This encourages changes of role. Health has tended to focus on enabling access to health services by those facing homelessness. And social work has tended to deal with social impact and the consequences of homelessness. They are vital services, but they are largely reactive.
Increasingly, however, partnerships need to focus on a proactive, whole systems approach that anticipates and intervenes to address the causes of homelessness. This can only happen through effective partnership working.
Housing too is changing. Staff in housing management increasingly see themselves less as property managers, and more as providers of person-based services, helping individuals, families and communities to manage their lives, not just their tenancies.
Local authorities support of home owners is also changing. There is more help with adaptations, greater integration through shared assessment, and more help with tackling practical and financial barriers. That more personalised delivery, building on the success of Care and Repair, will help more vulnerable people stay in their own homes. Supporting People has contributed greatly to that cultural shift, and we very much welcome that.
Housing is therefore not just delivering on its own agenda but is also a key player in achieving the better outcomes for community care, and for the community as a whole.
I hope that holistic approach will be carried in to the forthcoming review of sheltered housing. I would welcome it being seen as part of the redesign of the wider spectrum of accommodation, and helping to underpin changes in the balance of care.
The review should therefore recognise the mutual dependency across sheltered housing, care homes, NHS continuing care provision and intensive home care.
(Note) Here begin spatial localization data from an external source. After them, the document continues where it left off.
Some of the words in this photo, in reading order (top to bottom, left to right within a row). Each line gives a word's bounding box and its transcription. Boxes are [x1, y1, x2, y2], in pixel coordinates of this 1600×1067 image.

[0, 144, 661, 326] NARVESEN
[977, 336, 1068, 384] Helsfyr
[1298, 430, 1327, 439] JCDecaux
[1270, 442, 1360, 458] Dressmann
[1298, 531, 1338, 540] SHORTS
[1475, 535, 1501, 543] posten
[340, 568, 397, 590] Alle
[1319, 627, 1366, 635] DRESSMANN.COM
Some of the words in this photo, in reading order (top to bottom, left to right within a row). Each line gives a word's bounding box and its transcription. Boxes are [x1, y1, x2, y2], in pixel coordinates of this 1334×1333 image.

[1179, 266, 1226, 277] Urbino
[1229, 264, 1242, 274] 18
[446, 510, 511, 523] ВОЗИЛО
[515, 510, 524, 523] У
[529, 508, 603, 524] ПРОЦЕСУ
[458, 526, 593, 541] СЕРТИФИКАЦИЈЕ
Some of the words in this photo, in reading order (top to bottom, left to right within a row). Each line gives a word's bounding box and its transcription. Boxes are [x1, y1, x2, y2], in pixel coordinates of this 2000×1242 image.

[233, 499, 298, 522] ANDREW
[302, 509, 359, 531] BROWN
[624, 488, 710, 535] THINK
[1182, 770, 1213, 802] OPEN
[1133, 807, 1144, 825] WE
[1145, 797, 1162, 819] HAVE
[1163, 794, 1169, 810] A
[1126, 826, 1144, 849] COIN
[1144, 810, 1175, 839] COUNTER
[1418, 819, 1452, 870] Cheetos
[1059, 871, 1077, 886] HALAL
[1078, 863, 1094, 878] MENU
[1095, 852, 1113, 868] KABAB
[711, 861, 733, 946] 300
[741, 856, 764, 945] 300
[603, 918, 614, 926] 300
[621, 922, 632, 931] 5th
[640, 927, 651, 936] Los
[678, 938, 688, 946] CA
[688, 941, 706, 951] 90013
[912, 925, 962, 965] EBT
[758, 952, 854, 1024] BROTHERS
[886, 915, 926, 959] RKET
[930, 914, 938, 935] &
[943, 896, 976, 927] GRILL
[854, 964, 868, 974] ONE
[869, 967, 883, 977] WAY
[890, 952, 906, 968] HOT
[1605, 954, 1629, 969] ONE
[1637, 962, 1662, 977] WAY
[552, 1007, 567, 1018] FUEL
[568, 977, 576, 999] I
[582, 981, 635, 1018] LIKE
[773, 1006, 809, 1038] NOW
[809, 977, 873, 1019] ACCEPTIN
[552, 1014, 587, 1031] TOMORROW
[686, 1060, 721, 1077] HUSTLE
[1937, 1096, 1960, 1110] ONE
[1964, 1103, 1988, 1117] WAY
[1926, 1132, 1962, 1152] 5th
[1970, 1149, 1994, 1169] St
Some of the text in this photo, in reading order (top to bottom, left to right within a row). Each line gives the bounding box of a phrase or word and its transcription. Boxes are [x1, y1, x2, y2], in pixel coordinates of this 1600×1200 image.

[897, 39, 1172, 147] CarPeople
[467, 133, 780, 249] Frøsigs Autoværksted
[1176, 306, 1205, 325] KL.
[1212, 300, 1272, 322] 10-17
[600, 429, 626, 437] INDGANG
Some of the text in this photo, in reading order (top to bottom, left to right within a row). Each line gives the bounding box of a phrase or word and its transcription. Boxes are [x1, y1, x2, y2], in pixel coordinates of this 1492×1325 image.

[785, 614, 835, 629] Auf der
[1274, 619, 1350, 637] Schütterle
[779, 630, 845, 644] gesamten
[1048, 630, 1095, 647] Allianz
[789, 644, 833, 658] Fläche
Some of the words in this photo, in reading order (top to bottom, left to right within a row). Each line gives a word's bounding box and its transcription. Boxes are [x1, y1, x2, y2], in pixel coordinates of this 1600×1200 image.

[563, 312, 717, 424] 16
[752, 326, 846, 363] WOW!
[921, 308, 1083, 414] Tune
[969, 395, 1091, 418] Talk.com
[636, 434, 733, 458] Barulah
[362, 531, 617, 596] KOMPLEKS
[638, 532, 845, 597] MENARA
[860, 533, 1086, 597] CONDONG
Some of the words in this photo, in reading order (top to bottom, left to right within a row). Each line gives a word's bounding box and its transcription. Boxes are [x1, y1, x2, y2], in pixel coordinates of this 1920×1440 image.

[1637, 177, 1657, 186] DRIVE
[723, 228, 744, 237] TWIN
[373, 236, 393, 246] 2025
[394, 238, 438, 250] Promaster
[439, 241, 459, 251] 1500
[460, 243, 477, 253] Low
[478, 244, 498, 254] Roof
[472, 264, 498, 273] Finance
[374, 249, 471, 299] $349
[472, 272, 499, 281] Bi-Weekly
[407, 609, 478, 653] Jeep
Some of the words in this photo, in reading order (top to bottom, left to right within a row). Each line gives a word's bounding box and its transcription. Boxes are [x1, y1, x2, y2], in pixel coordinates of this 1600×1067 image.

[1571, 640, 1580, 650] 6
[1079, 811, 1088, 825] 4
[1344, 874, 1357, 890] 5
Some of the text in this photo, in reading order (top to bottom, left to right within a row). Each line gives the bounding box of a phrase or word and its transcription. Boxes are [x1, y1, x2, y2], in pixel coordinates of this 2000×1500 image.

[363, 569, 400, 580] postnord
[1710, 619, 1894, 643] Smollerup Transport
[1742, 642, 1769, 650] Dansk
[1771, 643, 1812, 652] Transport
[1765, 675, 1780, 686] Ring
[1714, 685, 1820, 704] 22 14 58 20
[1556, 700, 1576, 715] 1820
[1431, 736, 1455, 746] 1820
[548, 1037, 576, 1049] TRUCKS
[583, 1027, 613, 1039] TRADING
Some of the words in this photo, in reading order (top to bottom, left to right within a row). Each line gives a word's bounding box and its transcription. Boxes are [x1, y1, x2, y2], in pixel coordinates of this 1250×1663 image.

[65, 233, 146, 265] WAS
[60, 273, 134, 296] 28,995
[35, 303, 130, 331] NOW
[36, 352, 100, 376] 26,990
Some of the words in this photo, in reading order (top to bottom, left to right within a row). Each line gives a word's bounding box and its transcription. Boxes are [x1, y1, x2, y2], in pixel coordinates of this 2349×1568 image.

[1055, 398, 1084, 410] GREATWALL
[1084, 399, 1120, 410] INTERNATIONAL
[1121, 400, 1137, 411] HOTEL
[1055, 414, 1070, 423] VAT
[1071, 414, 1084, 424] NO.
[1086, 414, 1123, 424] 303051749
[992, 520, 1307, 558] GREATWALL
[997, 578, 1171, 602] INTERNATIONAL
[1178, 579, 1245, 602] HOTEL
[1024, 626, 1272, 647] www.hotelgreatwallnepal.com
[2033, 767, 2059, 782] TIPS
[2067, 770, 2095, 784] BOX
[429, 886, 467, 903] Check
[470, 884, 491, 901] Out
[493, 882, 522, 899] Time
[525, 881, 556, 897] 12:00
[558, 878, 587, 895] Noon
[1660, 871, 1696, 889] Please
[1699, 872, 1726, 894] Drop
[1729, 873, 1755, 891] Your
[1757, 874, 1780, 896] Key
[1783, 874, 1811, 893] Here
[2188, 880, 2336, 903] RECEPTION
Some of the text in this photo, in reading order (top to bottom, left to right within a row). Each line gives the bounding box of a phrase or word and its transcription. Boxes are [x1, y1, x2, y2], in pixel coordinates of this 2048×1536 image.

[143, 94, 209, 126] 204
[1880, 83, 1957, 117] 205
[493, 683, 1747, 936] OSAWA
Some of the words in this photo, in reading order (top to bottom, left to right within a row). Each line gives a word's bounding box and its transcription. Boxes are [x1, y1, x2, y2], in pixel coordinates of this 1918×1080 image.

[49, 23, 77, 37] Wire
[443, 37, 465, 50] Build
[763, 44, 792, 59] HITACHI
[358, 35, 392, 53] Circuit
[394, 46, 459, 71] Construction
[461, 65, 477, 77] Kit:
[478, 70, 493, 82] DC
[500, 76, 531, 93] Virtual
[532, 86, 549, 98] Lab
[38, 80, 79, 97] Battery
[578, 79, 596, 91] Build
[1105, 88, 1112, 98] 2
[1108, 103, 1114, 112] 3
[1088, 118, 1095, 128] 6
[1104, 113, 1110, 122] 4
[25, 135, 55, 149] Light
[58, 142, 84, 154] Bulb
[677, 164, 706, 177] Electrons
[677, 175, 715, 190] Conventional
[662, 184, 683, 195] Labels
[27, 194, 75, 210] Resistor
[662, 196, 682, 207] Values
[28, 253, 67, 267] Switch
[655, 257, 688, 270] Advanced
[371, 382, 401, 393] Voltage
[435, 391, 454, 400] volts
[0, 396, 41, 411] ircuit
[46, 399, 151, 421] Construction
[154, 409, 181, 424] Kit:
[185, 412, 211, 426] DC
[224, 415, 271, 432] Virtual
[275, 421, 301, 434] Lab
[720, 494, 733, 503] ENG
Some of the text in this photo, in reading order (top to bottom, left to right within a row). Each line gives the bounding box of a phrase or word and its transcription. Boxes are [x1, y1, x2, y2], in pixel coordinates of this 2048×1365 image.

And lastly in this section on improving integration, how do we offer practical help? I have already referred to Telecare, but let's look at a few other examples. I have emphasised today that recognising housings input is important. Engaging fully with housing in connecting up services was the central theme of our guidance Essential Connections which the Joint Improvement Team, CIH and NHSScotland developed together.
And to help the move from vision to delivery, we have developed, again jointly, a joint commissioning toolkit and guidance to commissioners of services on 'Understanding the Funding Maze' for health, housing and community care services. Effective joint commissioning is vital if we are to deliver a shift in the balance of care away from acute hospital settings to more home and community settings.
The relationship among housing, health and social work services is maturing, and moving in the right direction. But we need to make sure that partners engage with each other appropriately across the community care spectrum. The development of joint visions, joint outcomes, joint commissioning, joint services and joint reporting all add momentum. And nationally, we need to make sure that we continue to give the right leadership across central government and with our partners at national level.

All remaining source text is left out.